= Karl Albert Buehr =

German artist (1866-1952)

Karl Albert Buehr (1866–1952) was a painter born in Germany.

Buehr was born in Feuerbach – near Stuttgart. He was the son of Frederick Buehr and Henrietta Doh (Dohna?). He moved to Chicago with his parents and siblings in the 1880s. In Chicago, young Karl worked at various jobs until he was employed by a lithograph company near the Art Institute of Chicago. Introduced to art at work, Karl paid regular visits to the Art Institute, where he found part-time employment, enabling him to enroll in night classes. Later, working at the Institute as a night watchman, he had a unique opportunity to study the masters and actually posted sketchings that blended in favorably with student's work. Having studied under John H. Vanderpoel, Buehr graduated with honors, while his work aroused such admiration that he was offered a teaching post there, which he maintained for many years thereafter. He graduated from the Art Inst. of Chicago and served in the IL Cav in the Spanish–American War. Mary Hess became Karl's wife—she was a student of his and an accomplished artist in her own right. In 1922, he was elected into the National Academy of Design as an Associate member.

==Art studies in Europe==
In 1904, Buehr received a bronze medal at the St. Louis Universal Exposition, then, in 1905, Buehr and his family moved to France, thanks to a wealthy Chicago patron, and they spent the following year in Taormina, Sicily, where the artist painted local subjects, executing both genre subjects and landscapes as well as time in Venice. Buehr spent at least some time in Paris, where he worked with Raphaël Collin at the Académie Julian.

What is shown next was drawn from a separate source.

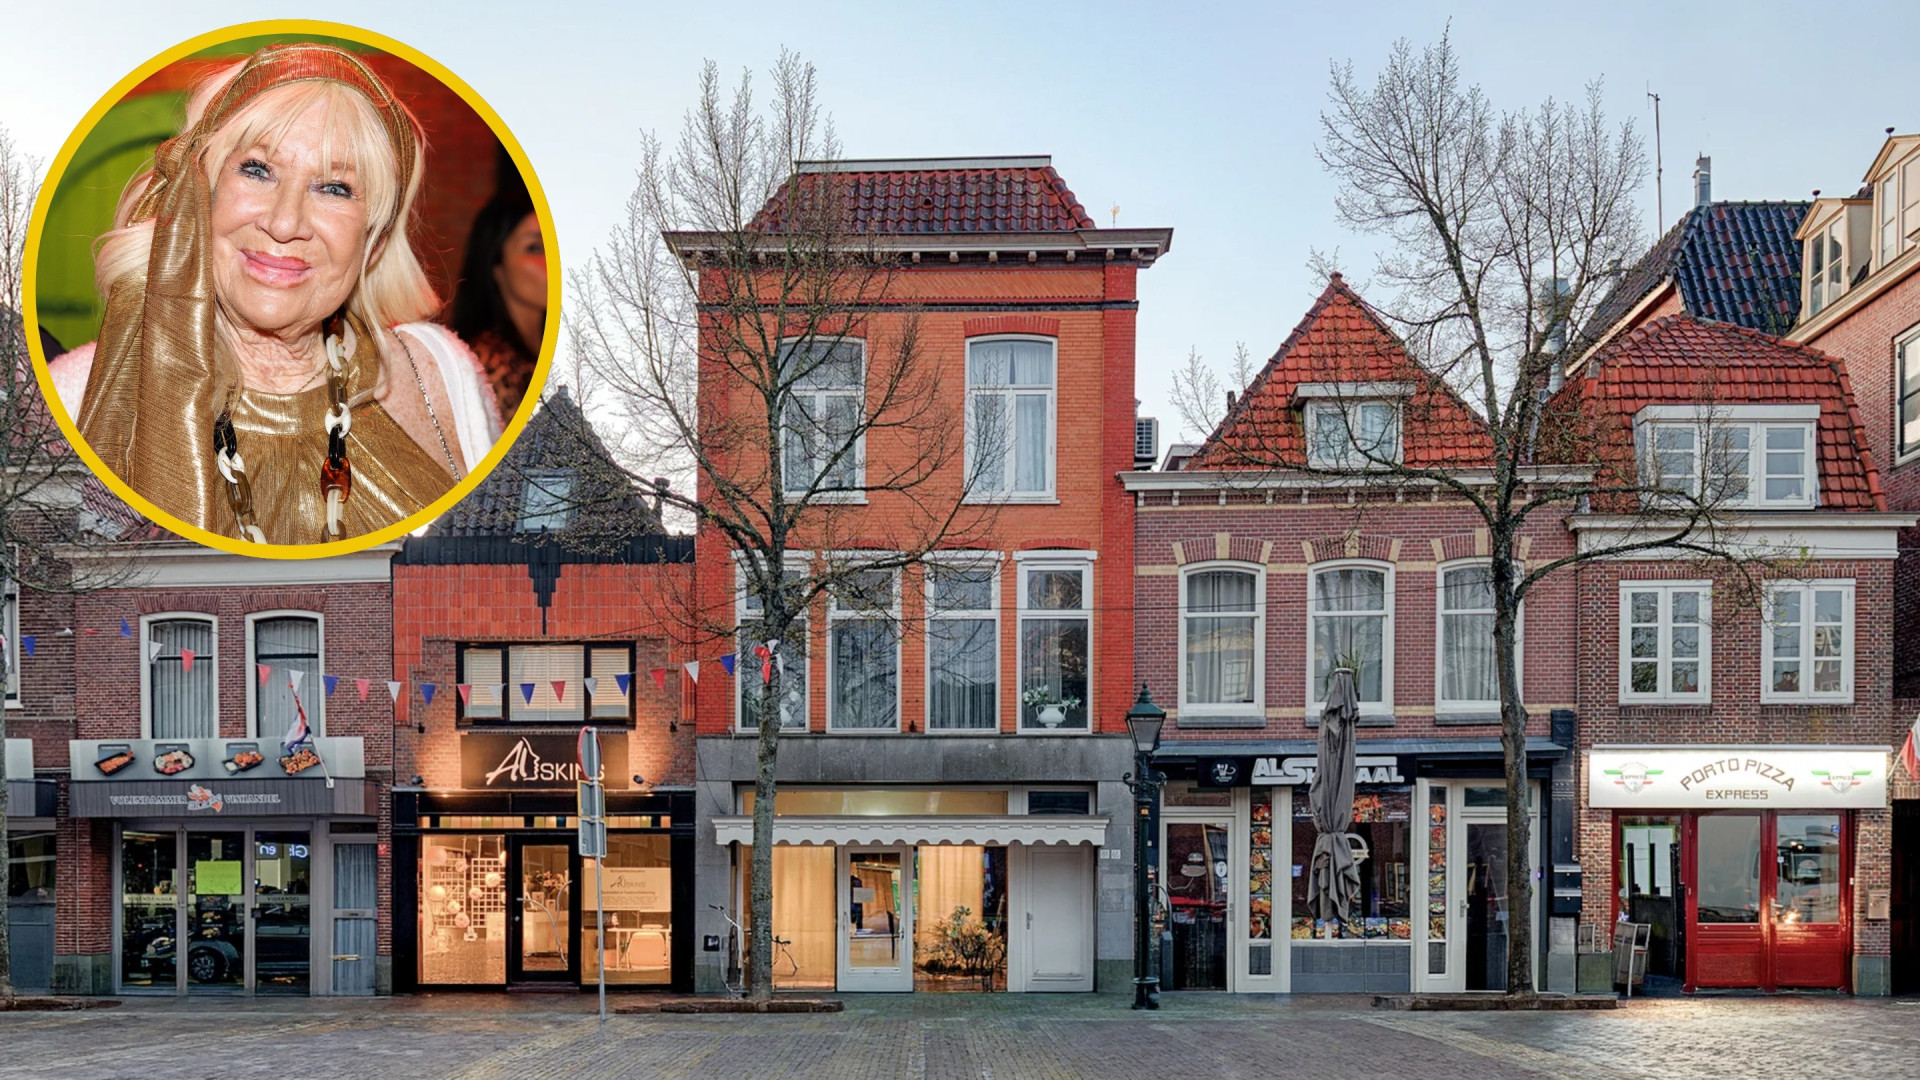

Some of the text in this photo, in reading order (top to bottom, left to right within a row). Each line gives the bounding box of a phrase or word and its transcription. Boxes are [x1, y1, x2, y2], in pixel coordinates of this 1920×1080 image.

==Giverny and American Impressionism==
Prior to this time, Buehr had developed a quasi-impressionistic style, but after 1909, when he began spending summers near Monet in Giverny, his work became decidedly characteristic of that plein-air style but he began focusing on female subjects posed out-of-doors. He remained for some time in Giverny, and here he became well-acquainted with other well known expatriate American impressionists such as Richard E. Miller, Theodore Earl Butler, Frederick Frieseke, and Lawton Parker. It seems likely that Buehr met Monet, since his own daughter Kathleen and Monet's granddaughter, Lili Butler, were playmates, according to George Buehr, the painter's son. His other daughter Lydia died before adulthood due to diabetes. He returned to Chicago at the onset of World War I and taught at The Art Inst for many years. One of his noted pupils at the Art Institute was Archibald Motley, Jr. the famous African American Harlem Renaissance painter. Motley credits Buehr with being one of his finest teachers and one who encouraged his style.

==Teaching career in Chicago==
Buehr remained an expressive colorist, but broadened his brushwork somewhat in later years when impressionism waned. Back in America, he was immediately successful. He won a silver medal at the Panama-Pacific International Exposition in San Francisco and the Purchase Prize of the Chicago Municipal Art Commission in the following year. Buehr had a one-man exhibition at the Century of Progress Fair in Chicago in 1934.

Karl Buehr died in Chicago at the age of 86.

His nephew Walter Buehr (1897–1971) was the author and illustrator of many children's books.